Analysis of DTRE and SLDN in tablet and capsule doses

The proposed “HPLC based DTRE and SLDN analysis conditions” was used to analyse the pharmaceutically prepared test Silofast-8D solution and test Siloros-8D solution, and the concentrations of the DTRE and SLDN in Silofat-8D tablets and siloros-8D capsules were evaluated exploiting the regression equations of DTRE and SLDN, respectively.

Stability studies

Stability studies of DTRE and SLDN were investigated on stock DTRE and SLDN solution (800 µg/ml of SLDN and 50 µg/ml of DTRE) by abiding ICH guidelines [21].

Stability in 0.1N HCl

Acid degradation investigations were performed by combining 10 ml of 0.1N HCl (reagent grade, Sd fine chemicals) with 10 ml of stock DTRE and SLDN solution and agitated in a sonicator for around 30 min at near-room temperature. Before diluting to 100 ml with K2HPO4 buffer/acetonitrile (2:8, v/v), the degradation DTRE and SLDN samples were neutralised with a sufficient quantity of sodium hydroxide (reagent grade, Sd fine chemicals).

Stability in 0.1N NaOH

Base degradation investigations were performed by combining 10 ml of 0.1N NaOH (reagent grade, Sd fine chemicals) with 10 ml of stock DTRE and SLDN solution and agitated in a sonicator for around 30 min at near-room temperature. Before diluting to 100 ml with K2HPO4 buffer/acetonitrile (2:8, v/v), the degradation DTRE and SLDN samples were neutralised with a sufficient quantity of hydrochloric acid (reagent grade, Sd fine chemicals).

Stability in 30% peroxide

Peroxide oxidation investigations were performed by combining 10 ml of peroxide (reagent grade, Sd fine chemicals) with 10 ml of stock DTRE and SLDN solution and agitated in a sonicator for around 30 min at near-room temperature. The oxidized DTRE and SLDN samples were diluting to 100 ml with K2HPO4 buffer/acetonitrile (2:8, v/v).

Stability at 105 °C

DTRE (5 mg) and SLDN (80 mg) in their solid forms were heated in an oven at 105 °C for six hours. The degraded DTRE (5 mg) and SLDN (80 mg) solid forms were dissolved in volume of 100 ml K2HPO4 buffer/acetonitrile (2:8, v/v). For analysis, a working degraded DTRE and SLDN solution was made from diluting above degraded DTRE and SLDN solution (1.0 ml) with K2HPO4 buffer/acetonitrile (2:8, v/v, 9.0 ml).

Stability in light

DTRE (5 mg) and SLDN (80 mg) in their solid forms were heated in sun for 6 h. The degraded DTRE (5 mg) and SLDN (80 mg) solid forms were dissolved in volume of 100 ml K2HPO4 buffer/acetonitrile (2:8, v/v). For analysis, a working degraded DTRE and SLDN solution was made from diluting above degraded DTRE and SLDN solution (1.0 ml) with K2HPO4 buffer/acetonitrile (2:8, v/v, 9.0 ml).

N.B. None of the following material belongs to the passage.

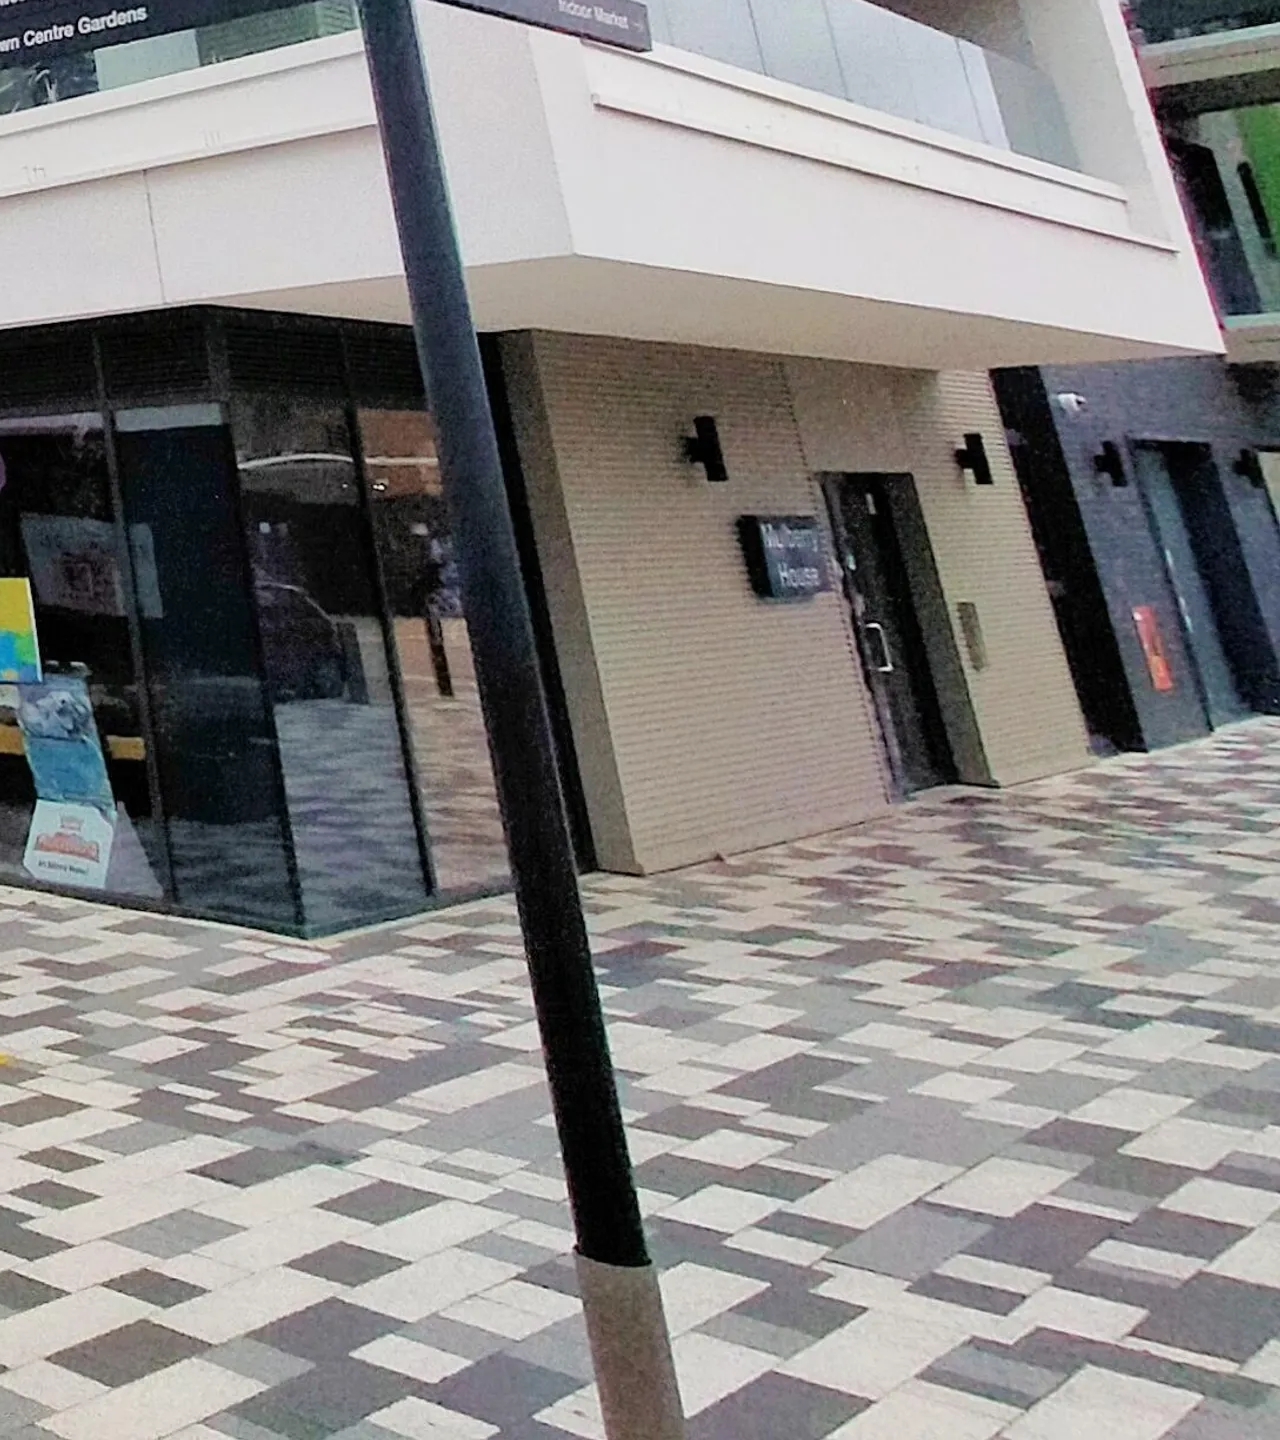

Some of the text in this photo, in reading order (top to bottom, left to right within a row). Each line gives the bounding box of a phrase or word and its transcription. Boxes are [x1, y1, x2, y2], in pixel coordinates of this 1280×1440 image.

[23, 22, 74, 47] Centre
[77, 6, 149, 34] Gardens
[779, 563, 820, 588] House

The proposed “HPLC-based DTRE and SLDN analysis conditions” was used to analyse the degraded DTRE and SLDN solutions, and the stabilities of the DTRE and SLDN in applied conditions of stress were evaluated.

RESULTS

Optimization: HPLC-based DTRE and SLDN analysis conditions

The intent of this project was to accomplish good enough separation of all analysed ingredients (DTRE and SLDN) with permissible critical characteristics of the chromatographic system (resolution factors, asymmetry factor of DTRE and SLDN, analysis time) in minimal duration of analysis. Xterra Symmetry type column C18 ("4.6 mm x 150 mm, 5 m" dimensions) tuned at ambient temperature has been opted as the most effective stationary phase for DTRE and SLDN analysis amongst the columns evaluated. In preliminary experiments, acetonitrile was chosen as the organic portion of the mobile phase and K2HPO4 (0.1N, 2.5 pH units) was opted for as the buffer, and the relative percentage of the two was examined. For better separation with permissible critical characteristics of the chromatographic system, the mobile phase was supplied into the column at 1.0 ml/min flow speed in the isocratic mode and included 0.1N strength, 20% volume fraction of K2HPO4 (0.1N, 2.5 pH units) and 80% volume fraction of pure form acetonitrile. The detection wavelength for the DTRE and SLDN analyses was configured at 265 nm. Chromatogram of DTRE and SLDN with optimized HPLC-based DTRE and SLDN analysis conditions was given in fig. below (fig. 2).

Validation

Validation of optimized HPLC-based DTRE and SLDN analysis conditions was done by abiding ICH guidelines [22, 23].

System suitability

By infusing 5 repetitions of standard SLDN (800 µg/ml) and DTRE (50 µg/ml) solution, a system compatibility test was conducted and parameters were computed. Theoretical plates for DTRE and SLDN, peak symmetry for DTRE and SLDN, resolution among DTRE and SLDN and relative standard deviations were all calculated (table 1).

Selectivity

Four solutions were injected to Xterra Symmetry type column C18 ("4.6 mm x 150 mm, 5 m" dimensions) to assess HPLC-based DTRE and SLDN analysis condition’s selectivity under ideal chromatographic circumstances: blank K2HPO4 buffer/acetonitrile (2:8, v/v) mix solution, standard SLDN (80 µg/ml) and DTRE (5 µg/ml) solution, test Siloros-8D solution (SLDN-80 µg/ml; DTRE-5 µg/ml) and test Silofast-8D solution (SLDN-80 µg/ml; DTRE-5 µg/ml). The retention periods in chromatograms (fig. 3A-3D) corresponding to DTRE and SLDN were examined to gauge selectivity.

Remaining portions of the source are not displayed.